# Walking issues



## Louie2011 (Aug 3, 2013)

Our Vizsla Louie throws a fit when we are getting ready to walk past certain fences (with dogs on the other side) in our neighborhood. Most of the time he will turn around, put his paw over the leash and sit down. When you try to get him to walk he refuses. Lately, it's been happening more (just not at those certain fences) and if he doesn't want to walk one way he throws his little fit. I've tried treats and water, but he will not move. There have been times I've had to drag him or pick him up and carry him (he's 2 and 50 lbs). Any advice?


----------



## Rudy (Oct 12, 2012)

Put a body harness on him

both my mates use them

Rudy need not even a lead leash anymore but it shows baby Willow how we roll

Willow at times she would dig in and say heck no with just a collar :

once we got Her Her Custom Pink H-D body harness it 

free her up, zero neck issues, chocking and zero pulling and She will walk on heal or lead for miles ;D

and meets and clips on top of the back and shoulders

Not a pinch point


----------



## lonestar (Jun 2, 2013)

Louie is having an anxiety reaction.

The first step is to re acclimate him to walking on lead, in general..away from the stress of other dogs. make a point to stay away from the fenced in dogs.
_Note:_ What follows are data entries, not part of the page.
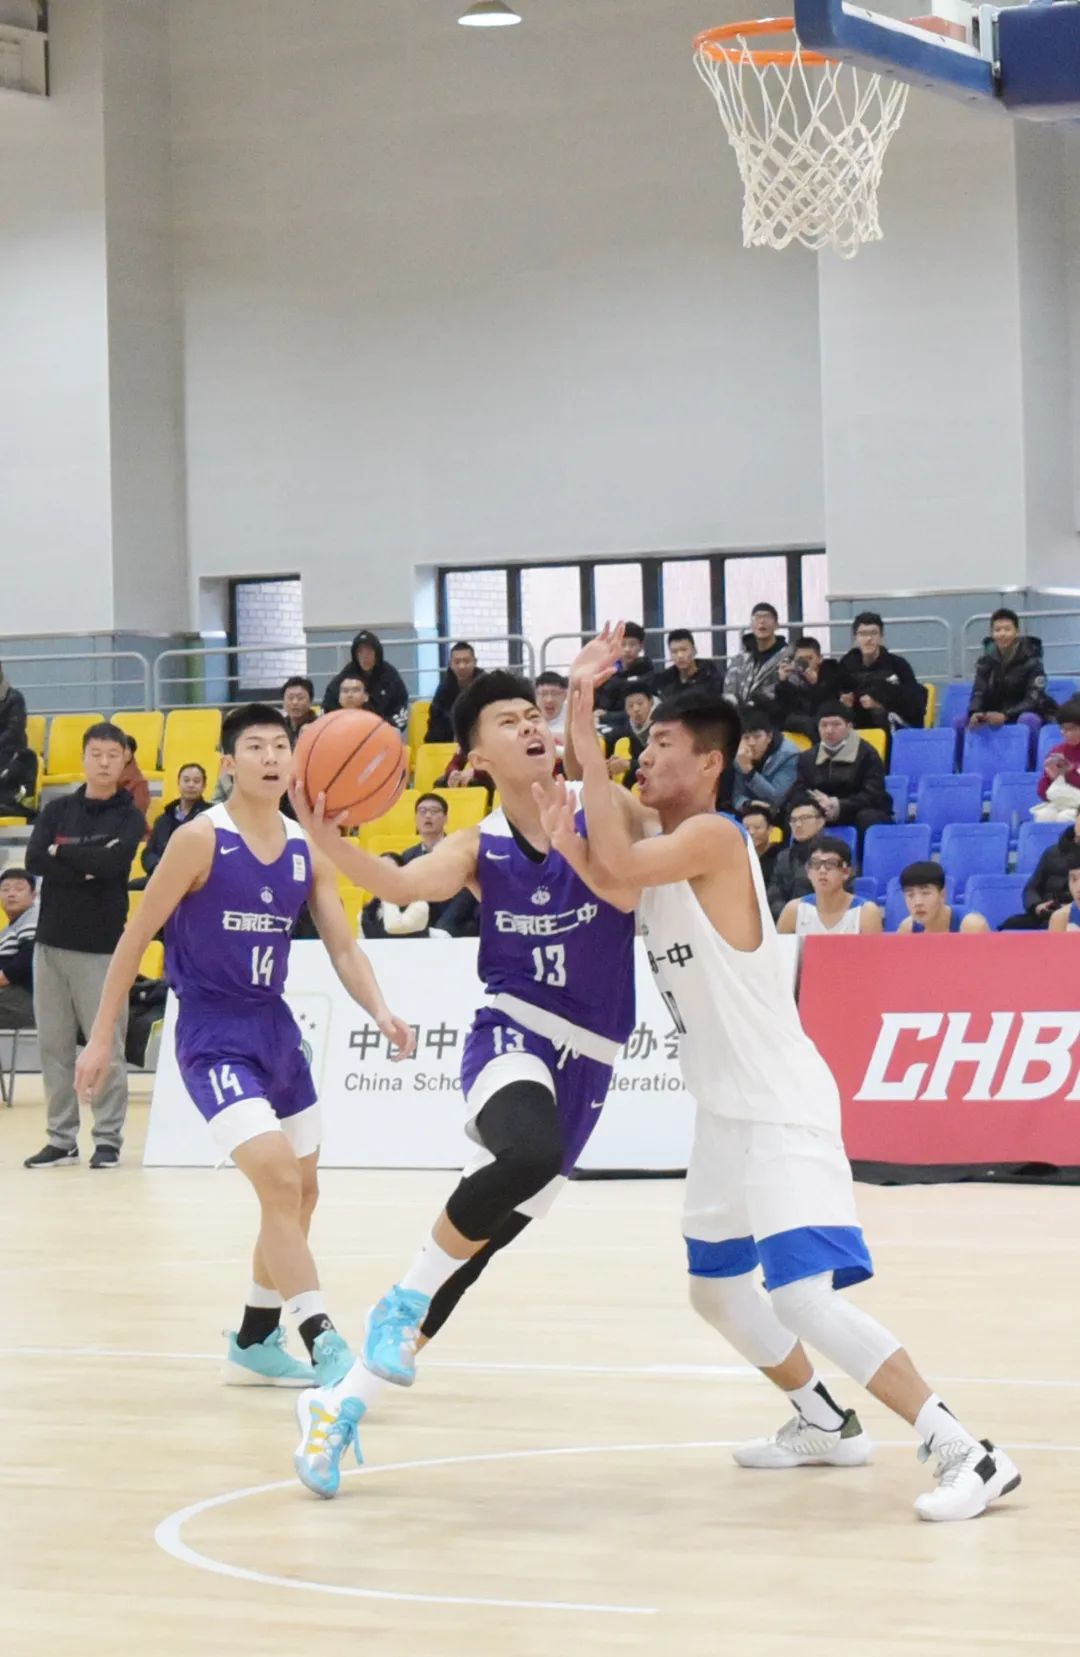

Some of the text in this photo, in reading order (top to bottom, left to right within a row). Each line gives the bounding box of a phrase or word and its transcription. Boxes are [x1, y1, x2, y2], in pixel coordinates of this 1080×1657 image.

[493, 903, 598, 936] 石家庄二中
[251, 946, 274, 986] 14
[532, 944, 567, 987] 13
[492, 1025, 526, 1054] 13
[852, 1012, 1080, 1100] CHB
[208, 1064, 244, 1105] 14
[344, 1072, 403, 1091] China
[608, 1073, 686, 1091] deratio
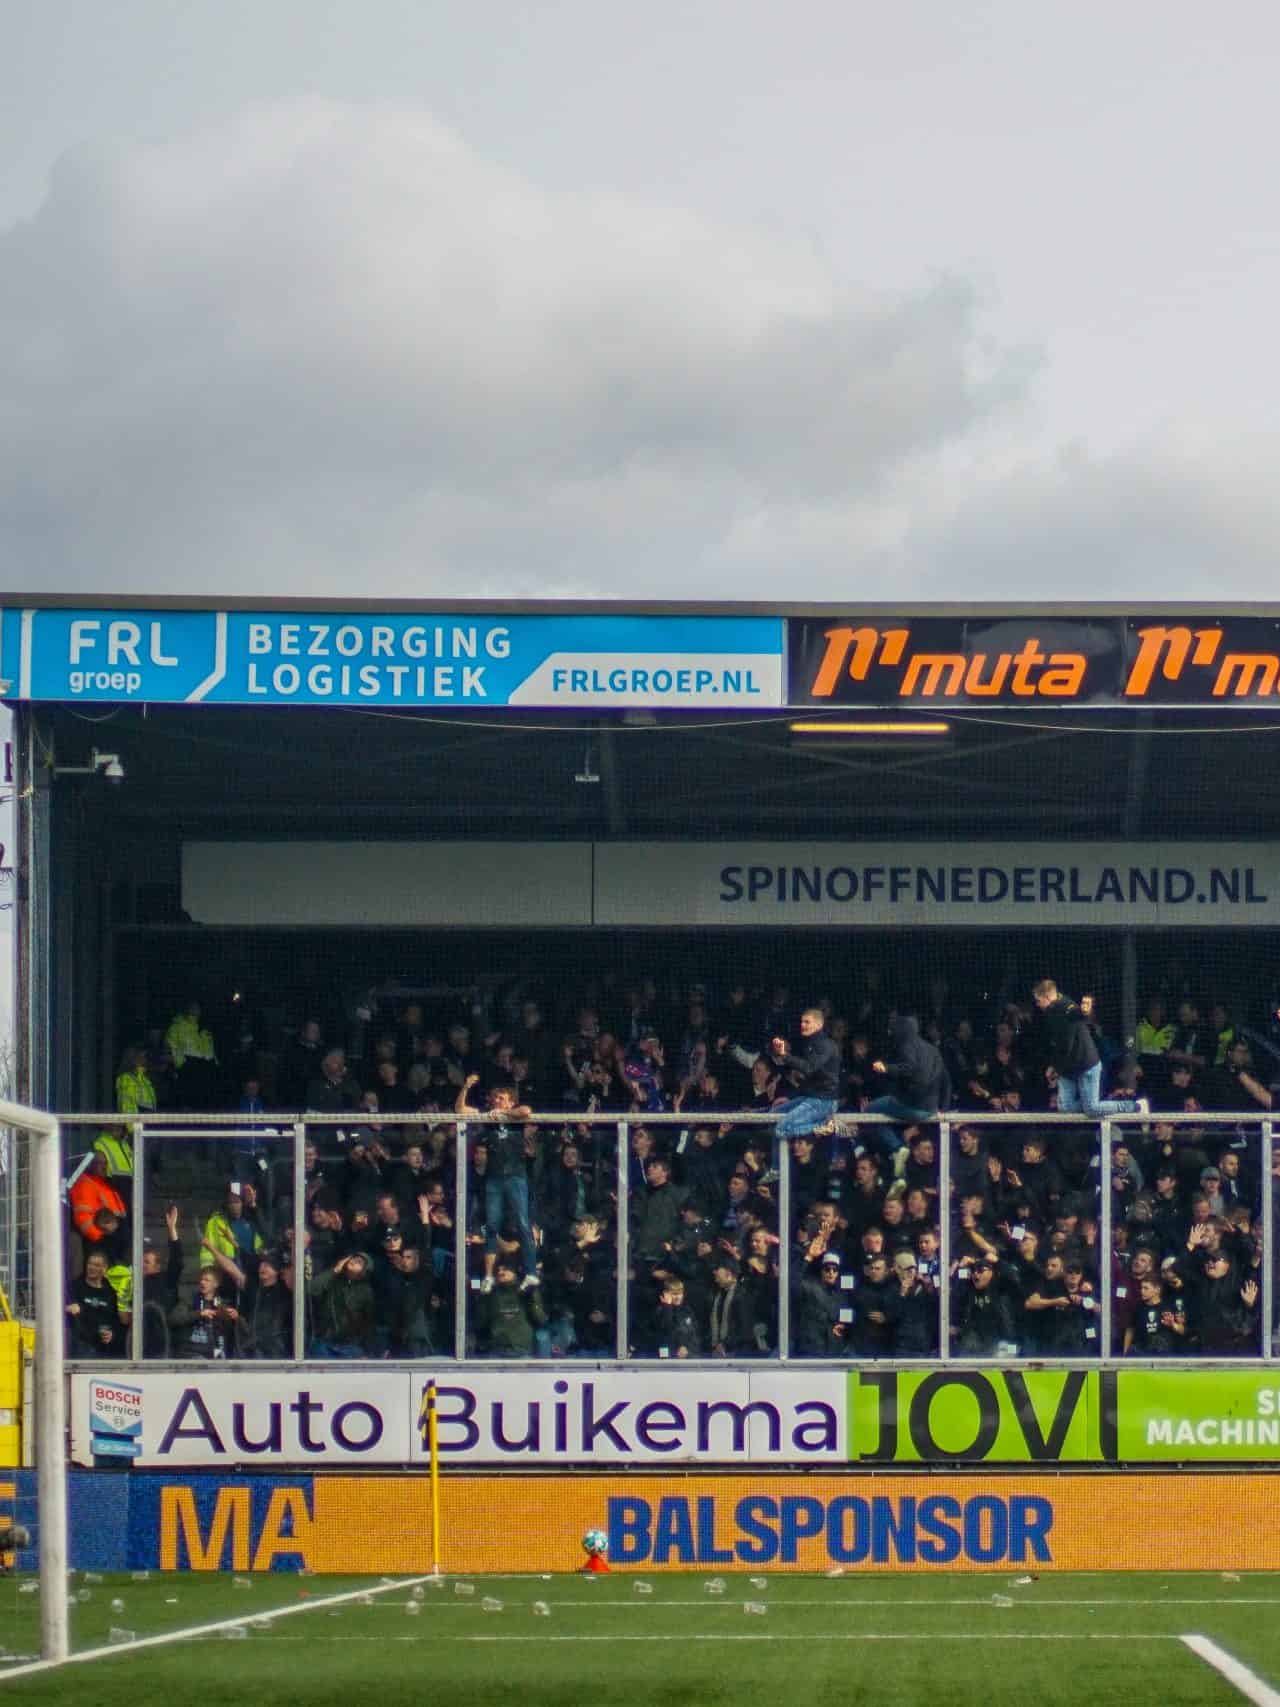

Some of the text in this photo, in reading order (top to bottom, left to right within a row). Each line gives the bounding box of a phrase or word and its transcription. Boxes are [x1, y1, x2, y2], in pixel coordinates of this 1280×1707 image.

[69, 620, 178, 667] FRL
[248, 623, 512, 659] BEZORGING
[69, 671, 141, 694] groep
[247, 663, 488, 698] LOGISTIEK
[552, 668, 761, 694] FRLGROEP.NL
[900, 639, 1087, 696] muta
[719, 865, 1268, 904] SPINOFFNEDERLAND.NL
[95, 1387, 141, 1406] BOSCH
[95, 1400, 141, 1417] Service
[157, 1380, 839, 1454] Auto Buikema
[606, 1495, 1054, 1563] BALSPONSOR
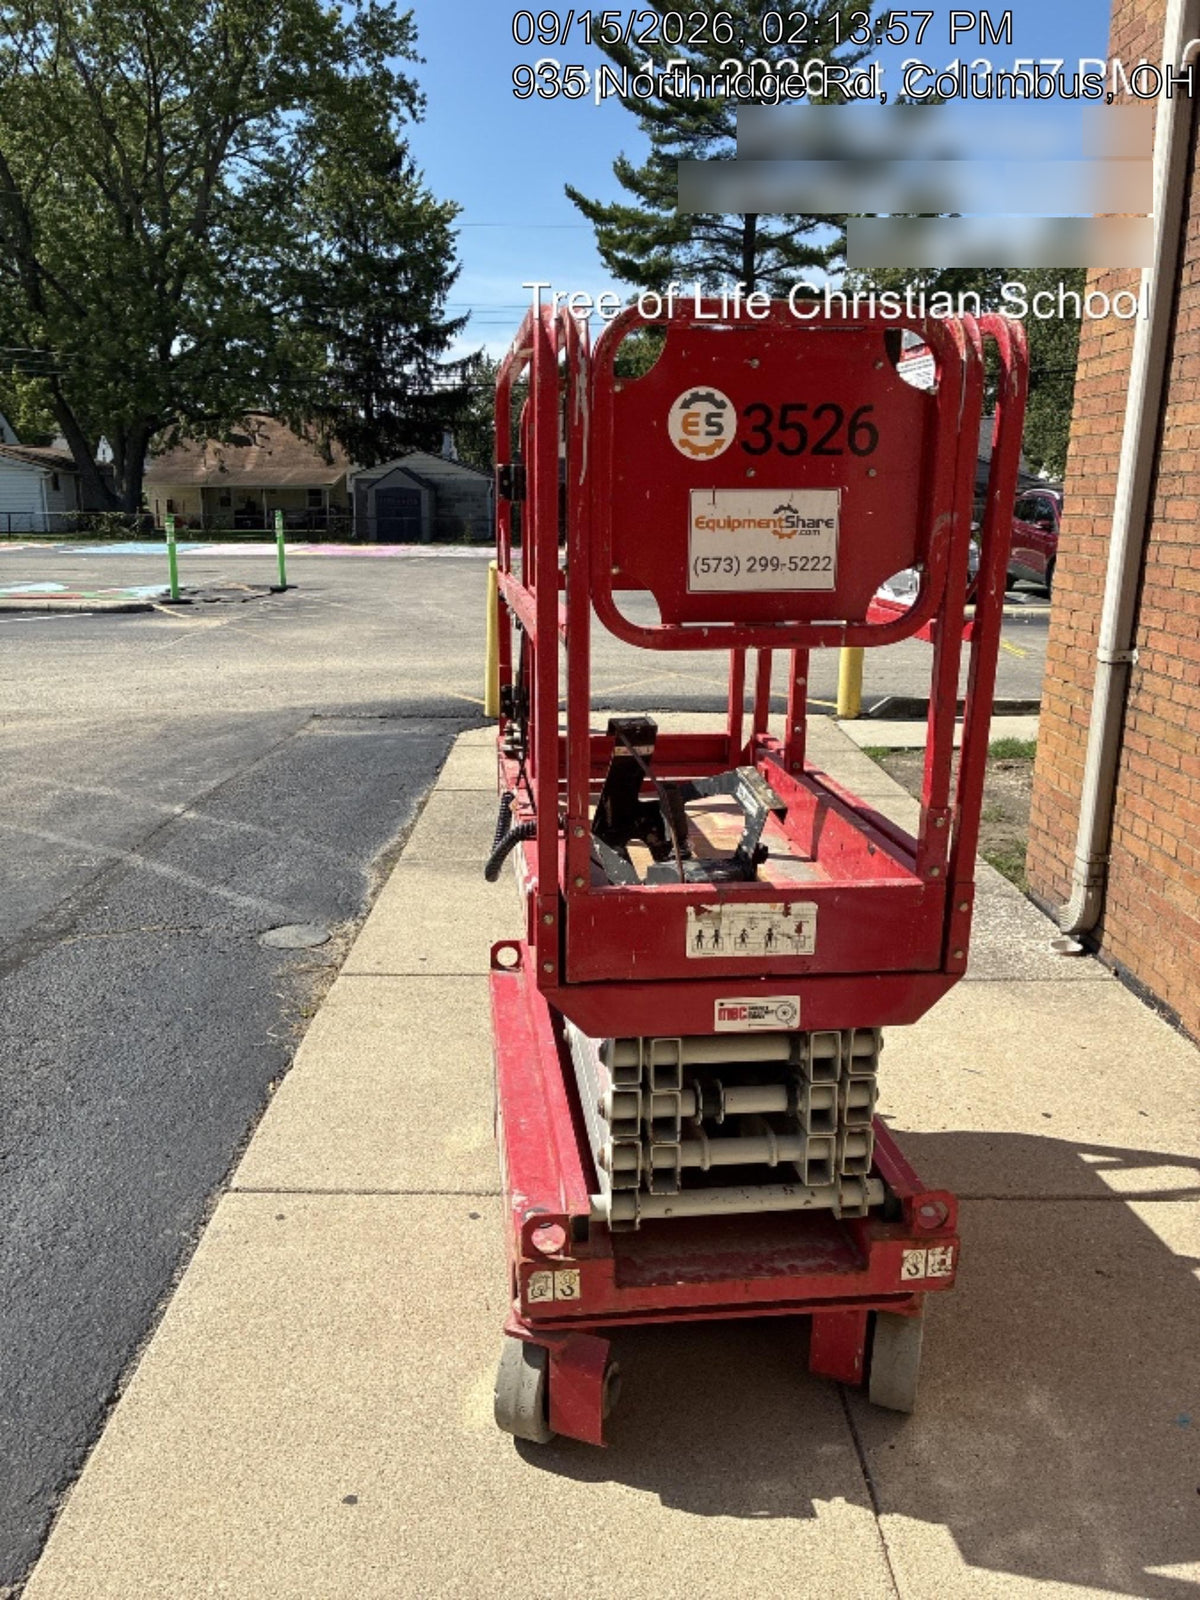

After Louie has the hang of walking OK on the lead, try to increase mildly stressful situations..walking down the street, walking near the park, etc., while reinforcing calm, confident behavior on his part. Be aware of his reaction, and intervene before he gets overwhelmed. Do NOT drag or pull him, ever. If he's at that point, you missed his more subtle cues, and you should try to get both of you to "safer" territory without delay and without drama.


----------



## datacan (May 15, 2011)

I would take a different route or cross the street when the dog becomes uneasy. It may not be important to walk that way... Dog knows better sometimes. 
Maybe just cross the street for now.

I walk him past unfriendly dogs barking and lunging on the other side of a fence. Sometimes we pick up the pace and run past...
No need to pick him up, LOL.


----------



## einspänner (Sep 8, 2012)

When do you offer him treats? After he's started panicking? If so, I'd try luring him along with a really high value treat and calm praise before he starts and slowly, over a period of days/weeks get closer and closer until he's able to walk past the fence.


----------



## harrigab (Aug 21, 2011)

Louie, is this just recent behaviour?


----------



## Louie2011 (Aug 3, 2013)

Thanks all. He has been doing this for about 4-5 months. We do put a harness on him which helps his pulling. We also walk him across the street when we come to the fences with "mean" dogs. I just don't think it's right that Louie gets to determine where we walk and gets his way or he pouts/throws his fit. Sometimes he will throw his little fit one yard away from our yard (with no other dogs around). Not sure what that explanation would be. 

We also give him treats to try to get him moving again. Sometimes it works sometimes it does not.


----------



## datacan (May 15, 2011)

Listen to the dog. It takes months to desensitize, in the mean time keep a safe distance from the mean dogs. 

Don't force the dog unless you know what to do. 
For now just keep walking back and forth at a safe distance. It still takes weeks to get closer.


----------